Impact sur la trésorerie et le BFR
| Situation | Impact sur le BFR | Impact sur la trésorerie |
|---|---|---|
| Bonne rotation des stocks | BFR réduit | Trésorerie libérée |
| Surstockage chronique | BFR augmenté | Capital immobilisé |
| Ruptures fréquentes | Achats en urgence (prix élevés) | Marges grignotées |
| Inventaire inexact | Décisions d'achat biaisées | Double coût |
Excel vs logiciel de gestion de stock
Pour les PME BTP encore sur Excel, le passage à un logiciel spécialisé change radicalement la donne. Notre guide sur la migration d'Excel vers un logiciel de gestion BTP détaille toutes les étapes pour réussir cette transition sans friction.
| Critère | Excel / papier | Logiciel spécialisé |
|---|---|---|
| Inventaire en temps réel | Non | Oui (scan mobile) |
| Stock d'alerte automatique | Non | Oui (notification) |
| Valorisation CUMP/FIFO | Formules manuelles | Automatique |
| Suivi multi-dépôts/véhicules | Quasi impossible | Natif |
| Traçabilité par chantier | Aucune | Sortie associée au chantier |
Comment Substock gère votre stock de bout en bout
- Inventaire en temps réel : chaque mouvement de stock est enregistré via scan QR code ou saisie mobile, sans ressaisie.
- Stock d'alerte configurable : définissez votre seuil par référence et recevez une notification avant la rupture.
- Affectation par chantier : chaque sortie de stock est associée à un chantier, une équipe ou un véhicule.
- Multi-dépôts : gérez vos dépôts central, annexes et stocks déportés depuis une seule interface.
- Valorisation automatique : le coût de votre stock est calculé en temps réel selon la méthode choisie.
FAQ
Qu'est-ce qu'un stock en entreprise ?
Un stock est l'ensemble des biens destinés à la vente ou à la consommation interne dans le processus de production. Il comprend les matières premières, les produits finis, les marchandises, les encours de production, les emballages et les produits résiduels.
Quelle est la différence entre inventaire tournant et inventaire permanent ?
L'inventaire tournant organise plusieurs comptages dans l'année par catégories (méthode ABC). L'inventaire permanent recompte le total restant d'une référence à chaque livraison ou sortie, assurant une mise à jour continue du stock.

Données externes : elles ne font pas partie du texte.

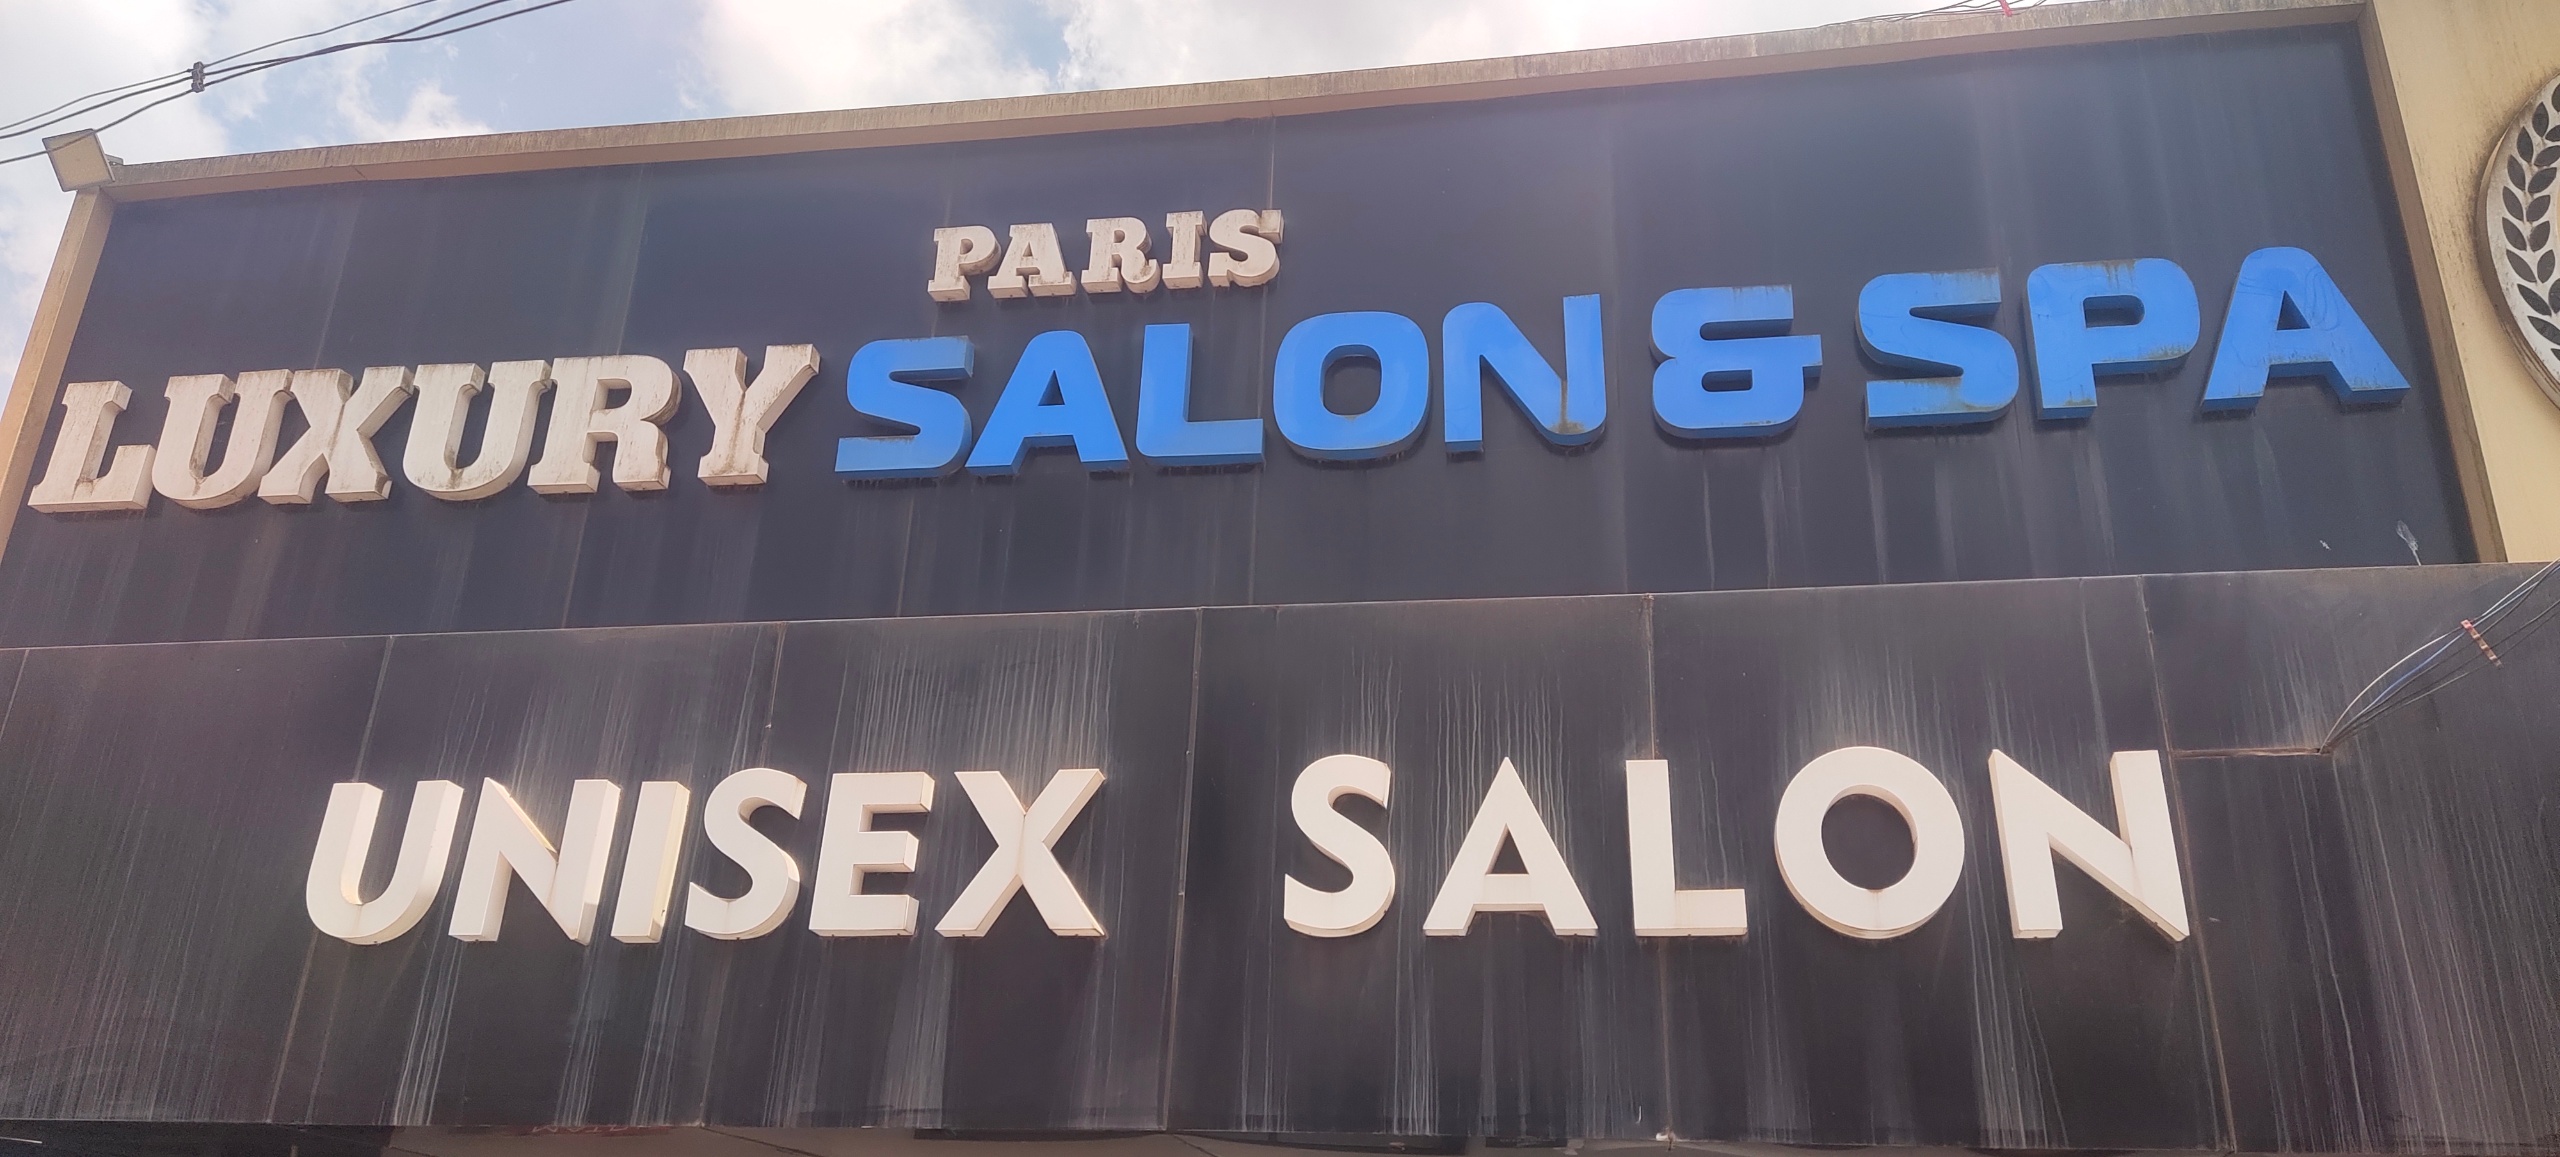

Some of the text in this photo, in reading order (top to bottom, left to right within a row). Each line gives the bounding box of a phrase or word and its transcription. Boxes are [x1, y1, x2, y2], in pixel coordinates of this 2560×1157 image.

[928, 209, 1284, 301] PARIS
[28, 246, 2411, 514] LUXURY SALON & SPA
[305, 746, 2189, 946] UNISEX SALON

Quelles sont les méthodes de valorisation des stocks ?
Les principales méthodes sont : le CUMP (coût unitaire moyen pondéré), le FIFO (premier entré, premier sorti) et le LIFO (dernier entré, premier sorti). Le choix dépend du secteur d'activité et de la politique comptable de l'entreprise.

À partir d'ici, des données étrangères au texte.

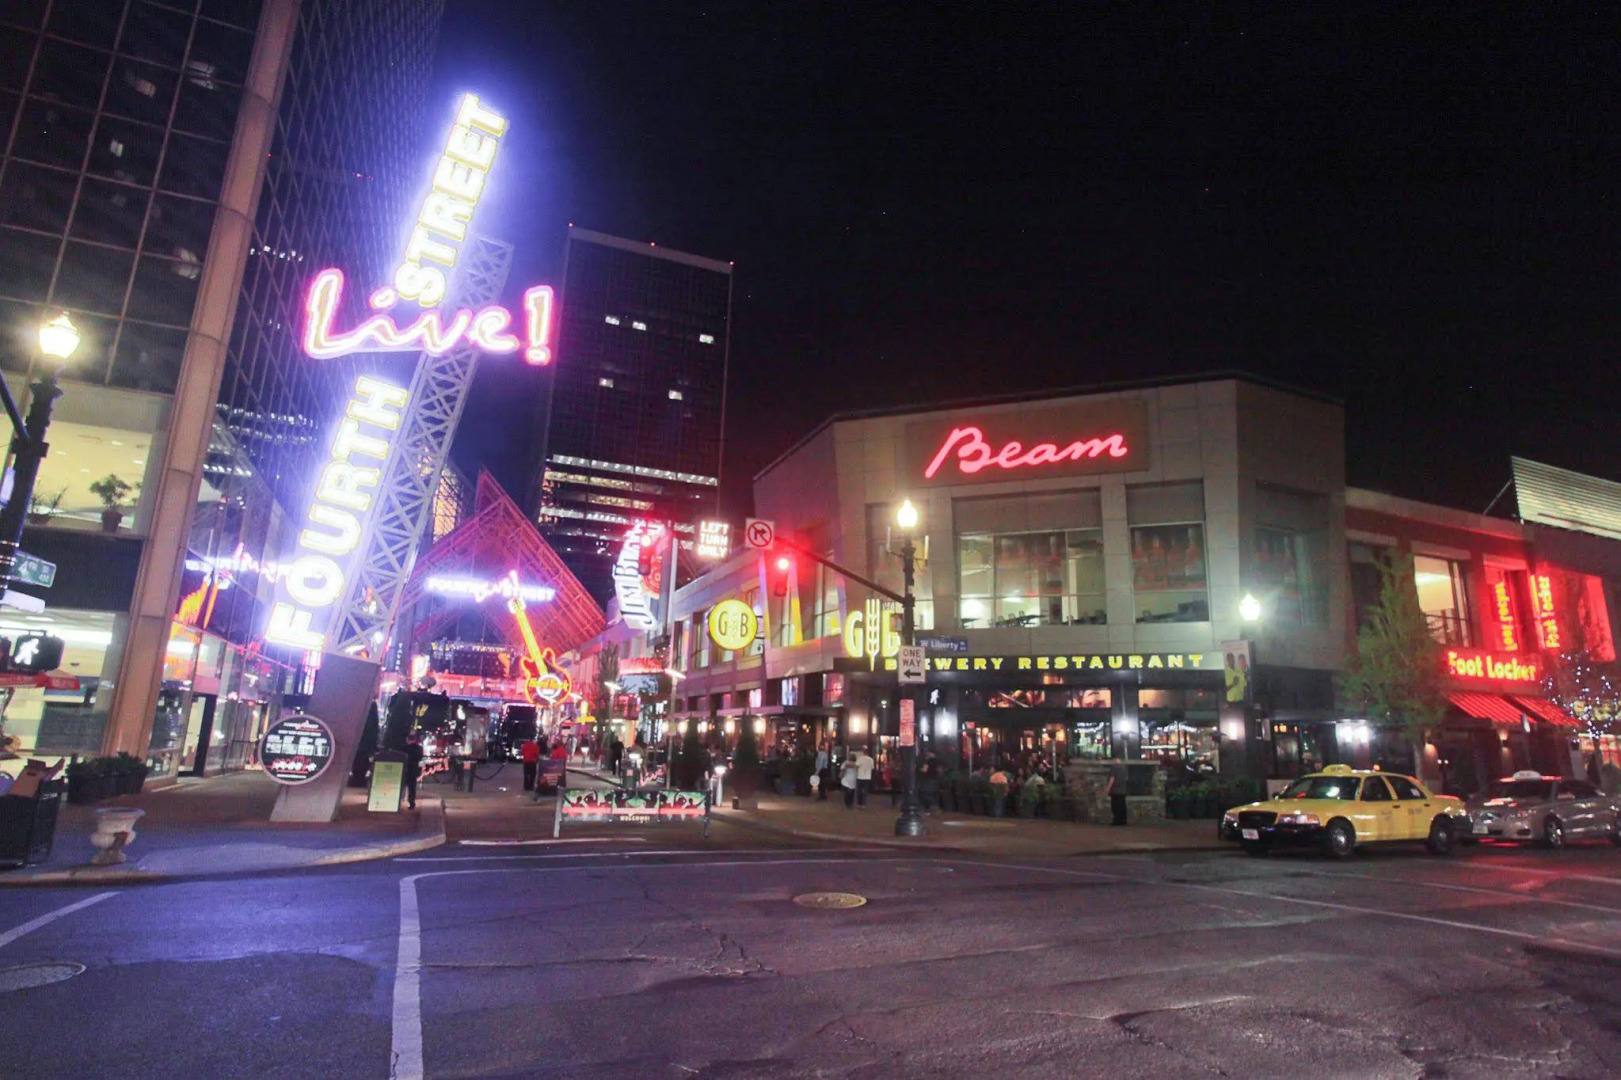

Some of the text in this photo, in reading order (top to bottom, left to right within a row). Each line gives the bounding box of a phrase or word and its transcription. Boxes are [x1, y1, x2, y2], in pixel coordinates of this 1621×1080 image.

[395, 92, 510, 308] STREET
[304, 268, 554, 365] Live!
[925, 426, 1128, 479] Beam
[264, 374, 408, 652] FOURTH
[701, 521, 729, 534] LEFT
[700, 534, 729, 546] TURN
[698, 545, 728, 558] ONLY
[718, 610, 749, 637] G B
[844, 610, 863, 658] G
[902, 649, 921, 657] ONE
[930, 639, 959, 651] Liberty
[884, 654, 1204, 671] BEWERY RESTAURANT
[902, 659, 921, 668] WAY
[1448, 651, 1537, 681] Foot Locker

Comment éviter la rupture de stock ?
On évite la rupture de stock en définissant un niveau de stock d'alerte adapté aux délais d'approvisionnement et à la popularité de chaque référence. Un logiciel de gestion permet d'automatiser ces alertes et d'anticiper les commandes.
Pourquoi une mauvaise gestion des stocks nuit-elle à la trésorerie ?
Un surstockage immobilise du capital inutilement et augmente le besoin en fonds de roulement (BFR). À l'inverse, une rupture de stock entraîne des pertes de ventes potentielles. Une bonne rotation des stocks libère de la trésorerie et améliore la rentabilité.
Conclusion
La gestion des stocks n'est pas réservée aux grands groupes. Pour une PME du bâtiment, maîtriser son stock — savoir ce qu'on a, où c'est, combien ça vaut, et quand le recommander — est directement lié à la rentabilité des chantiers et à la santé de la trésorerie.